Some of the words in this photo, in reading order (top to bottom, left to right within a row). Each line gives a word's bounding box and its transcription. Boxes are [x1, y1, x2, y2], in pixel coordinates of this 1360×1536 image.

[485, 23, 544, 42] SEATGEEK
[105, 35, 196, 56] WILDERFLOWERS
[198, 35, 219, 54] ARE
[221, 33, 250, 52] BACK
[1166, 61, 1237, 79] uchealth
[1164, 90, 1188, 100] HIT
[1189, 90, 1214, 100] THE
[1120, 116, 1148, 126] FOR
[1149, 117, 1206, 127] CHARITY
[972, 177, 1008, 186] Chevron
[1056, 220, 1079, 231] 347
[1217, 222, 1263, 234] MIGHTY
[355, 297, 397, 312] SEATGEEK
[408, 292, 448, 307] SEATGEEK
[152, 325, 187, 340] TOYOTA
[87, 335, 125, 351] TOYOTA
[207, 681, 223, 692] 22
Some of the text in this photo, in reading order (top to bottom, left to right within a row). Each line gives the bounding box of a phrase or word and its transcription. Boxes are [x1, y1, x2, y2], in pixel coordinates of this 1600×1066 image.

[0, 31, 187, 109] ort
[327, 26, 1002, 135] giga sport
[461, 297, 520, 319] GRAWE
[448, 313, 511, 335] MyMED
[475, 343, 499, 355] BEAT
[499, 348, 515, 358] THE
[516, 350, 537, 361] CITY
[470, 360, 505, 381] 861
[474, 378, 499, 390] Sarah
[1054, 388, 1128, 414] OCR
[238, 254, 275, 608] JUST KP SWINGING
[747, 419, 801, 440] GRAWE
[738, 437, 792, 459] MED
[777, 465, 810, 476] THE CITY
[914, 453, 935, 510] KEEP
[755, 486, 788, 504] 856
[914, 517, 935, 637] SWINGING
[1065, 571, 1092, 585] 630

☆ ☆ ☆ ☆

**PROMPT**
Retype the material above from start to finish without any changes.

**EXERCISE ANSWER**
Some of the words in this photo, in reading order (top to bottom, left to right within a row). Each line gives a word's bounding box and its transcription. Boxes are [x1, y1, x2, y2], in pixel coordinates of this 1360×1536 image.

[485, 23, 544, 42] SEATGEEK
[105, 35, 196, 56] WILDERFLOWERS
[198, 35, 219, 54] ARE
[221, 33, 250, 52] BACK
[1166, 61, 1237, 79] uchealth
[1164, 90, 1188, 100] HIT
[1189, 90, 1214, 100] THE
[1120, 116, 1148, 126] FOR
[1149, 117, 1206, 127] CHARITY
[972, 177, 1008, 186] Chevron
[1056, 220, 1079, 231] 347
[1217, 222, 1263, 234] MIGHTY
[355, 297, 397, 312] SEATGEEK
[408, 292, 448, 307] SEATGEEK
[152, 325, 187, 340] TOYOTA
[87, 335, 125, 351] TOYOTA
[207, 681, 223, 692] 22
Some of the text in this photo, in reading order (top to bottom, left to right within a row). Each line gives the bounding box of a phrase or word and its transcription. Boxes are [x1, y1, x2, y2], in pixel coordinates of this 1600×1066 image.

[0, 31, 187, 109] ort
[327, 26, 1002, 135] giga sport
[461, 297, 520, 319] GRAWE
[448, 313, 511, 335] MyMED
[475, 343, 499, 355] BEAT
[499, 348, 515, 358] THE
[516, 350, 537, 361] CITY
[470, 360, 505, 381] 861
[474, 378, 499, 390] Sarah
[1054, 388, 1128, 414] OCR
[238, 254, 275, 608] JUST KP SWINGING
[747, 419, 801, 440] GRAWE
[738, 437, 792, 459] MED
[777, 465, 810, 476] THE CITY
[914, 453, 935, 510] KEEP
[755, 486, 788, 504] 856
[914, 517, 935, 637] SWINGING
[1065, 571, 1092, 585] 630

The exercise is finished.